_EXERCISE DESCRIPTION:_
What you return must be exactly the lines running from the one with "this 1280×1280 image." to the end of the data below, inclusive, and nothing more.

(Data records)
※

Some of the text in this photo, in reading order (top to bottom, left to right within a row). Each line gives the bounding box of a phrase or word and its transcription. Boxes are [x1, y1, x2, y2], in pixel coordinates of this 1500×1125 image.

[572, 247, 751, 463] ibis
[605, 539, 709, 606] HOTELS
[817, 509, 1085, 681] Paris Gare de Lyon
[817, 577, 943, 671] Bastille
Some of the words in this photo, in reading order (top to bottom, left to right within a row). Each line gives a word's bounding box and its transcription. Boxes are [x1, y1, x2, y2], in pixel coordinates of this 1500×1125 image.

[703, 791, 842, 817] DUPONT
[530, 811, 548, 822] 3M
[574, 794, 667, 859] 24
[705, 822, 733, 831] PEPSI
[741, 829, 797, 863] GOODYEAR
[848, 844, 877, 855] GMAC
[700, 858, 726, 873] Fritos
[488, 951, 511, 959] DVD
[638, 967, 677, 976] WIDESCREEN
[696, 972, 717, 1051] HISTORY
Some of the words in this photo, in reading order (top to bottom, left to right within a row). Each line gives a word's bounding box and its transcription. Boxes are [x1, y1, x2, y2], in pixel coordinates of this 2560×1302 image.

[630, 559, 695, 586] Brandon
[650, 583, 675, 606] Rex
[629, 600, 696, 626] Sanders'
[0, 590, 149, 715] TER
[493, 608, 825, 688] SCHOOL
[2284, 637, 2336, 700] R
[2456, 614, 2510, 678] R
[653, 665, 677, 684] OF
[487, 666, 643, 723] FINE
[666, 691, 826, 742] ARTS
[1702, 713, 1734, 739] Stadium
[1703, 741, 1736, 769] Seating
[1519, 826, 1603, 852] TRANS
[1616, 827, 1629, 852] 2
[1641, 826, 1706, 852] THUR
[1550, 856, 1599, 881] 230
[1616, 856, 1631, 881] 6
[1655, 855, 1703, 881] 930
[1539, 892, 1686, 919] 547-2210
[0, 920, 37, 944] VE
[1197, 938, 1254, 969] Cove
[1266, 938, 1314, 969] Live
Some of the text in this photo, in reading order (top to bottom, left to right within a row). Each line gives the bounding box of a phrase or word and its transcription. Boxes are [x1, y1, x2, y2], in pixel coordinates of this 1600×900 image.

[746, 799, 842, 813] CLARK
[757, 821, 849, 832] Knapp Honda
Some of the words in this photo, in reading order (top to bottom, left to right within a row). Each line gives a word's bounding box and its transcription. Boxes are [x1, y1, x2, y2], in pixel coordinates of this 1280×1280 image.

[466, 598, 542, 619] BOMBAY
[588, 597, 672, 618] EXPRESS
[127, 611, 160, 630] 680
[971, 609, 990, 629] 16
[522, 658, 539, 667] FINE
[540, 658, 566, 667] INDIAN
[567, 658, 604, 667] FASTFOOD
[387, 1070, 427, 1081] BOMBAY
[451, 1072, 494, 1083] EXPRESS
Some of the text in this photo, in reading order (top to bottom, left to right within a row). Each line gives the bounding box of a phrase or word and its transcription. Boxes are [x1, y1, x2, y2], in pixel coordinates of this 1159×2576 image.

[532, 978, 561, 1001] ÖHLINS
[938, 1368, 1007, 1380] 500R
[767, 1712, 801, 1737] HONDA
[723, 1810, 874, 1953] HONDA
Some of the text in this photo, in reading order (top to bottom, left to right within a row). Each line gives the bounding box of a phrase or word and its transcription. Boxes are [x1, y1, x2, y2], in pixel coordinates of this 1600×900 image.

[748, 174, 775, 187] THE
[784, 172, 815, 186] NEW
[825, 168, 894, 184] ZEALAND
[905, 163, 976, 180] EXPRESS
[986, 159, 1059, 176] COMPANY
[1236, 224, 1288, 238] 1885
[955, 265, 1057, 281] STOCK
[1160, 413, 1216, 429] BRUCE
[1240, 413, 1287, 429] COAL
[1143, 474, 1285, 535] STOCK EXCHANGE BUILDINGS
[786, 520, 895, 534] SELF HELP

※

_SOLUTION FOR THIS TASK:_
Some of the words in this photo, in reading order (top to bottom, left to right within a row). Each line gives a word's bounding box and its transcription. Boxes are [x1, y1, x2, y2], in pixel coordinates of this 1280×1280 image.

[466, 598, 542, 619] BOMBAY
[588, 597, 672, 618] EXPRESS
[127, 611, 160, 630] 680
[971, 609, 990, 629] 16
[522, 658, 539, 667] FINE
[540, 658, 566, 667] INDIAN
[567, 658, 604, 667] FASTFOOD
[387, 1070, 427, 1081] BOMBAY
[451, 1072, 494, 1083] EXPRESS
Some of the text in this photo, in reading order (top to bottom, left to right within a row). Each line gives the bounding box of a phrase or word and its transcription. Boxes are [x1, y1, x2, y2], in pixel coordinates of this 1159×2576 image.

[532, 978, 561, 1001] ÖHLINS
[938, 1368, 1007, 1380] 500R
[767, 1712, 801, 1737] HONDA
[723, 1810, 874, 1953] HONDA
Some of the text in this photo, in reading order (top to bottom, left to right within a row). Each line gives the bounding box of a phrase or word and its transcription. Boxes are [x1, y1, x2, y2], in pixel coordinates of this 1600×900 image.

[748, 174, 775, 187] THE
[784, 172, 815, 186] NEW
[825, 168, 894, 184] ZEALAND
[905, 163, 976, 180] EXPRESS
[986, 159, 1059, 176] COMPANY
[1236, 224, 1288, 238] 1885
[955, 265, 1057, 281] STOCK
[1160, 413, 1216, 429] BRUCE
[1240, 413, 1287, 429] COAL
[1143, 474, 1285, 535] STOCK EXCHANGE BUILDINGS
[786, 520, 895, 534] SELF HELP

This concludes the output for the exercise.